If you like what you see, then you may want to add attributes to variables or worse.
Please read the thorough documentation provided with the module.
B::Deparse
This module is a well-known Perl debugging module. It generates Perl source code from Perl source code provided to it. This may seem useless to some, but to the aspiring obfuscator, it's useful in understanding odd code.
perl -snle'$w=($b="bottles of beer")." on the wall";$i>=0?print:last
LINE for(map "$i $_",$w,$b),"take one down, pass it around",
do{$i--;"$i $w!"}' -- -i=100
That is an example of an obfuscated program. It could be worse, but it's
pretty bad already. Understanding this gem is as simple as adding
-MO=Deparse
to the command line. This will use B::Deparse
to turn that mess into more readable Perl source code.

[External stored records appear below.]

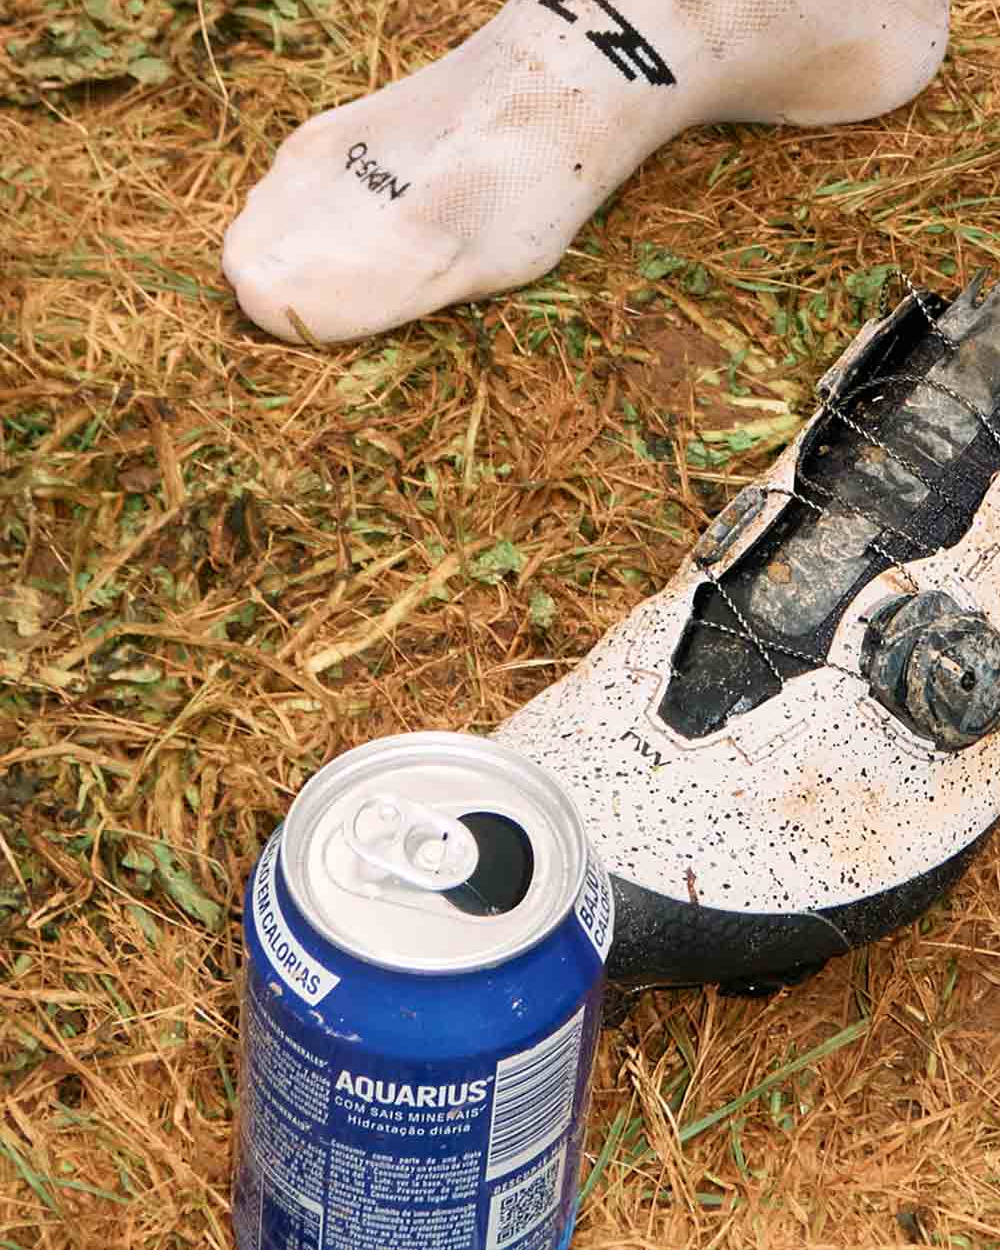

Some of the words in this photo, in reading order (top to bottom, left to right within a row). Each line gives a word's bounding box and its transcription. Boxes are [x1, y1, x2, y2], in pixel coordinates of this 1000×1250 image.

[261, 912, 321, 995] CALORIAS
[335, 1070, 488, 1108] AQUARIUS
[335, 1096, 365, 1113] COM
[370, 1107, 403, 1121] SAIS
[347, 1114, 425, 1137] Hidratação
[430, 1123, 471, 1136] diária

LINE: while (defined($_ = <ARGV>)) {
chomp $_;
$w = ($b = 'bottles of beer') . ' on the wall';
foreach $_ (
map("$i $_", $w, $b),
'take one down, pass it around',
do { --$i; "$i $w!" }
) {
$i >= 0 ? print($_) : last LINE;
}
}
To use B::Deparse
in the everyday example, just run your program using
it on the command line.
perl -MO=Deparse prog.pl
But if you want to have some real fun, then dig into the object-oriented interface
for B::Deparse
. There you will find an amazing method called coderef2text()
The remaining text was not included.